VDD          3.3V Supply
GND          Ground
RST^         Reset Signal
MD           Low for parallel mode, high for serial mode.
INTB^        Interrupt output signal
A0           Address or data selection for parallel mode. If high, P0-P7 indicates address, low for data.
CLK          Clock input for LD3320 (2-34 MHz).
RDB^         Read control signal for parallel input mode
CSB^/SCS^    Chip select signal (parallel mode) / SPI chip select signal (serial mode).
WRB^/SPIS^   Write Enable (parallel input mode) / Connect to GND in serial mode
P0           Data bit 0 for parallel input mode / SDI pin in serial mode
P1           Data bit 1 for parallel input mode / SDO pin in serial mode
P2           Data bit 2 for parallel input mode / SDCK pin in serial mode
P3           Data bit 3 for parallel input mode
P4           Data bit 4 for parallel input mode
P5           Data bit 5 for parallel input mode
P6           Data bit 6 for parallel input mode
P7           Data bit 7 for parallel input mode
MBS          Microphone Bias
MONO         Mono Line In 
LINL/LINR    Stereo Line In (Left/Right)
HPOL/HPOR    Headphone Output (Left/Right)
LOUL/LOUTR   Line Out (Left/Right)
MICP/MICN    Microphone Input (Pos/Neg)
SPOP/SPON    Speaker Ouput (Pos/Neg)

The LD3320 requires an external clock to be fed to pin CLK, which is already provided by the breakout board via a 22.1184 MHz crystal. No external components are needed, even for the audio input/output lines, as the breakout board already contains all the required parts.

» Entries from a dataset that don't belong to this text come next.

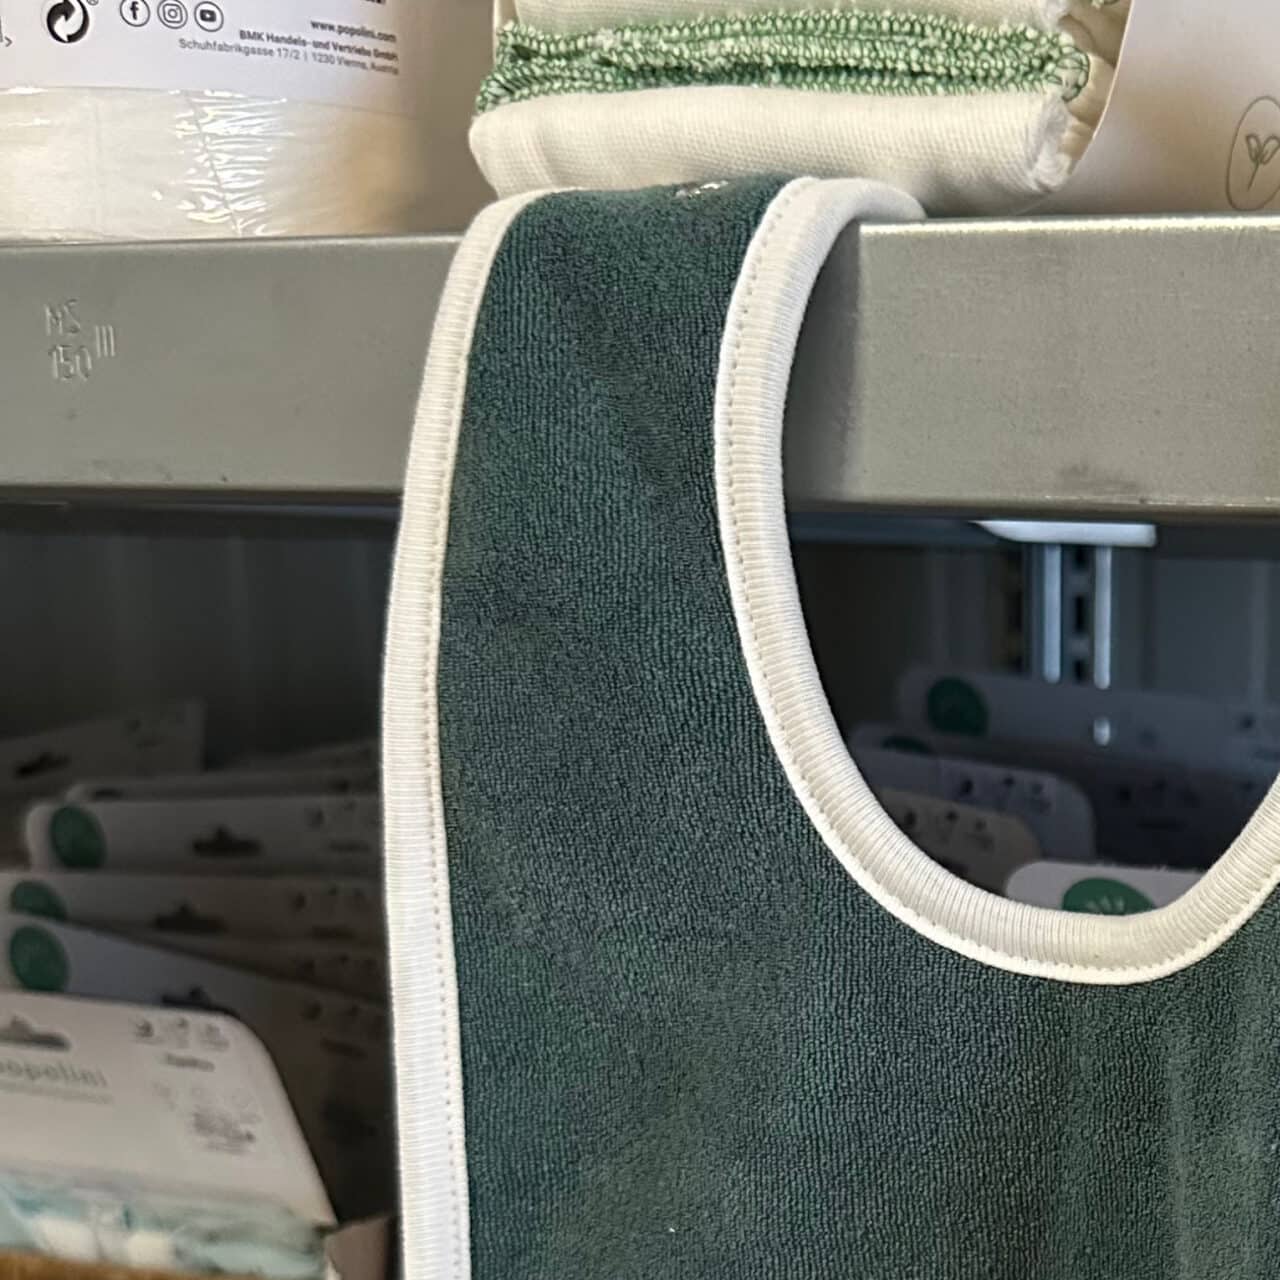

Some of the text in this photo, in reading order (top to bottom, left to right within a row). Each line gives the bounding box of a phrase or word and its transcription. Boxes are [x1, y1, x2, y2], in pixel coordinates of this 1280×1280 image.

[239, 29, 264, 42] BMK
[178, 38, 275, 57] Schuhfabrikgasse
[277, 48, 301, 60] 17/2
[312, 53, 336, 65] 1230
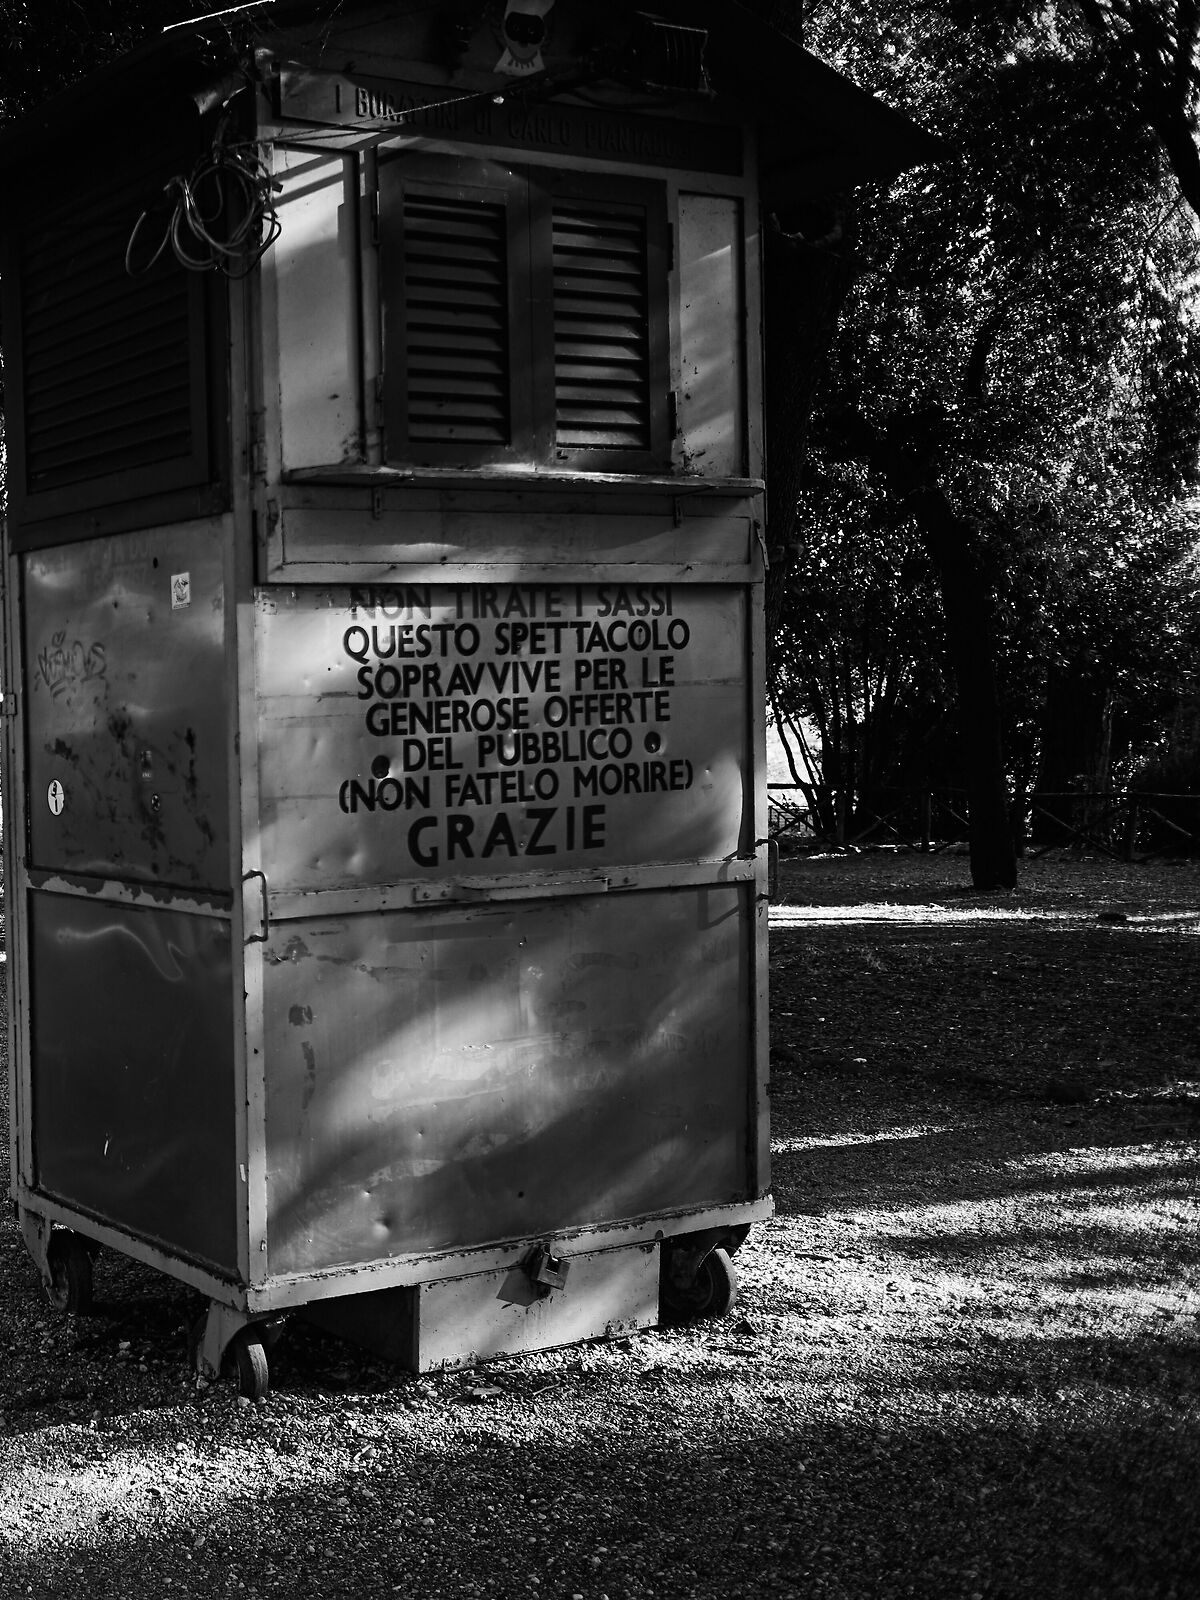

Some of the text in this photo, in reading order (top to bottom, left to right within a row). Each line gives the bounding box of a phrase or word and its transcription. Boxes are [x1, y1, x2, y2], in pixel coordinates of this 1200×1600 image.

[335, 84, 341, 113] I
[356, 87, 459, 130] BURATTINI
[474, 105, 493, 135] DI
[507, 111, 572, 146] CARLO
[351, 583, 673, 619] NON TIRATE I SASSI
[343, 619, 690, 664] QUESTO SPETTACOLO
[357, 656, 675, 700] SOPRAVVIVE PER LE
[365, 691, 670, 736] GENEROSE OFFERTE
[403, 728, 632, 772] DEL PUBBLICO
[339, 760, 693, 814] (NON FATELO MORIRE)
[407, 805, 606, 868] GRAZIE

To use SPI for communication, connect MD to VDD, WRB^/SPIS^ to GND and use pins P0, P1 and P2 for SDI, SDO and SDCK respectively. For simplicity, the rest of this article will use SPI to communicate with this module.

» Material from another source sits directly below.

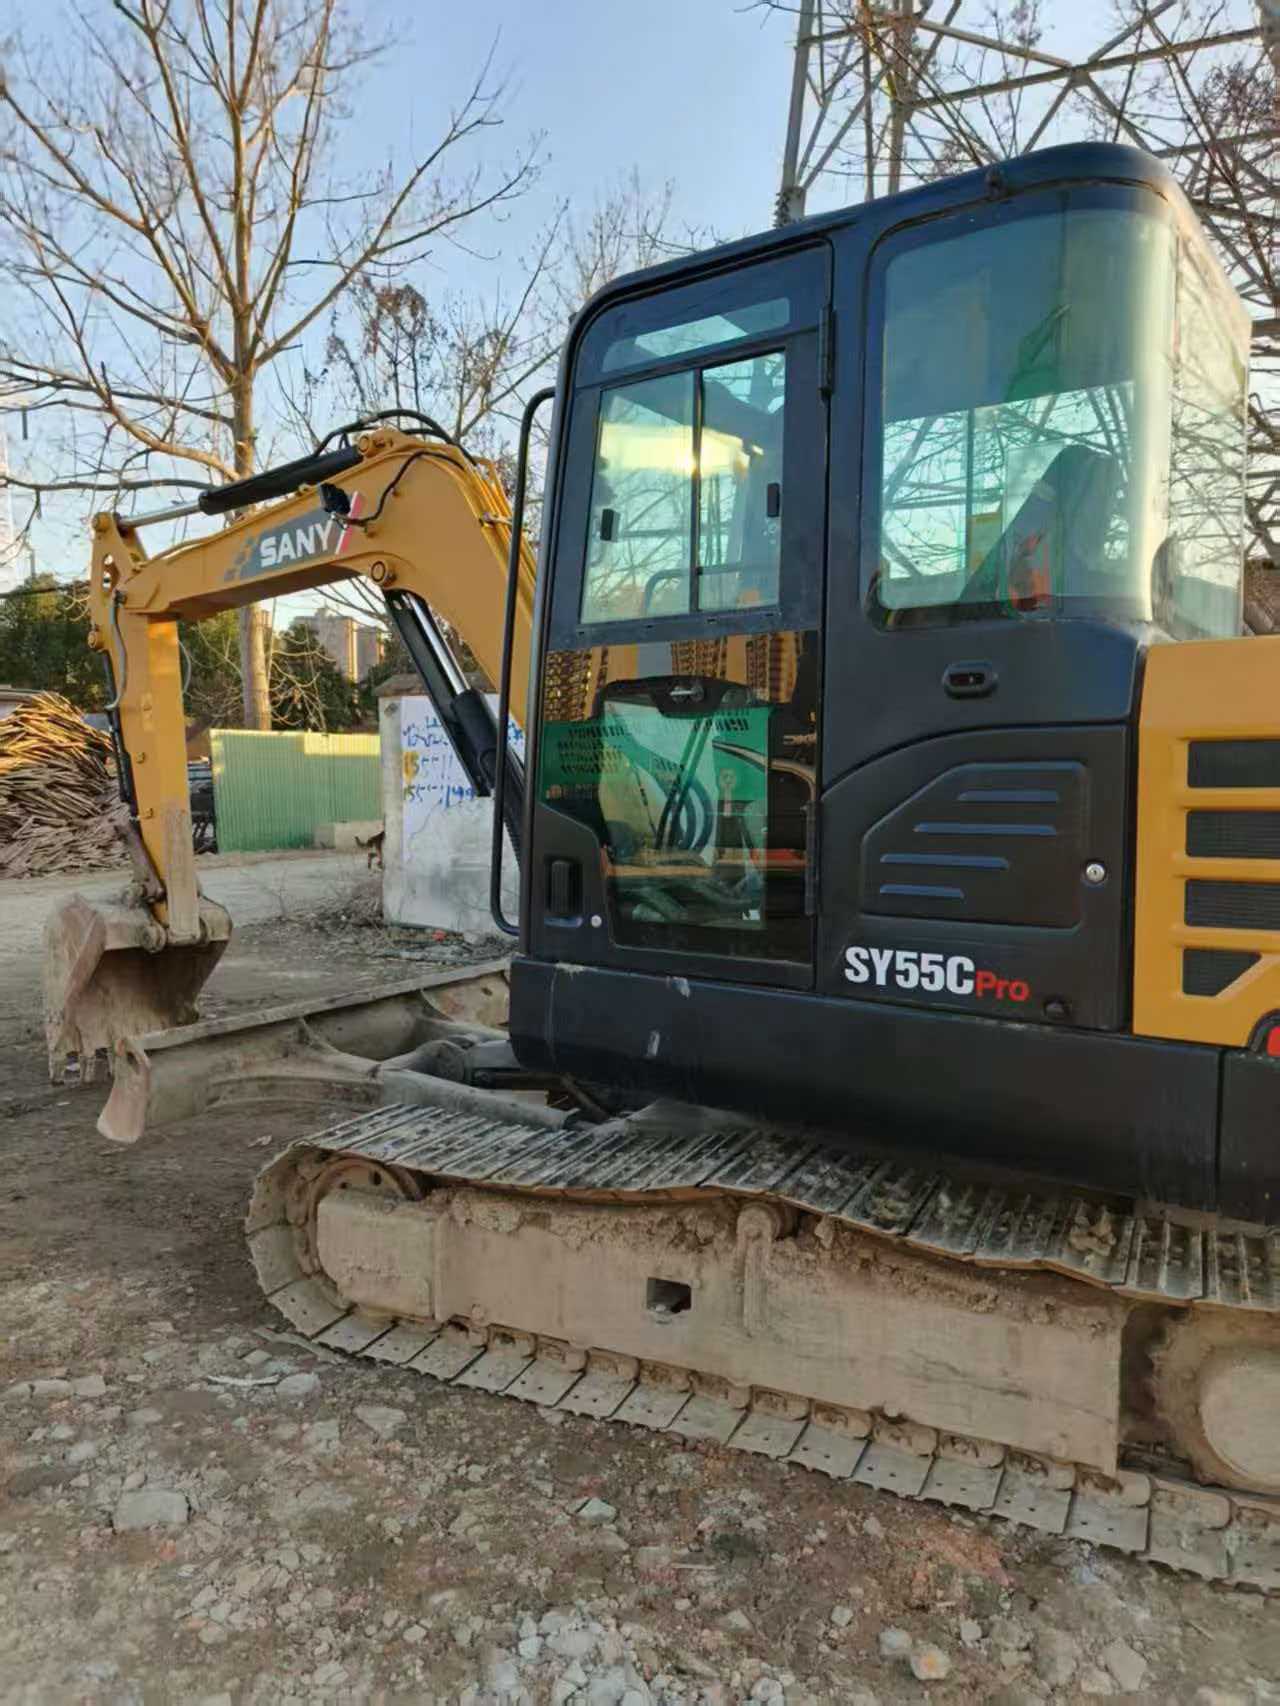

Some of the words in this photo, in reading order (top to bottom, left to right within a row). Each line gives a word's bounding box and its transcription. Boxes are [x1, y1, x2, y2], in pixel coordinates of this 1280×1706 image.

[260, 519, 333, 568] SANY
[844, 946, 975, 995] SY55C
[976, 970, 1030, 1002] Pro

Official documentation (in Chinese only) can be found on icroute's website. The Chinese datasheet can be downloaded here. With the help of onlinedoctranslator, I made an English translation, which can be downloaded here.

Breakout board issues

Before you proceed to explore the LD3320, please be aware of possible PCB issues causing wrong signals to be fed to the IC and resulting in precious time wasted debugging the circuit. In my case, after getting the sample program to compile and run on my PIC microcontroller only to find out that it did not work, I spent almost a day checking various connections and initialization codes to no avail. I could easily have debugged till the end of time and still could not get it to work if I hadn't noticed by chance a 22.1184 MHz sine wave on the pin marked as WRB, raising suspicion that the PCB trace may have issues.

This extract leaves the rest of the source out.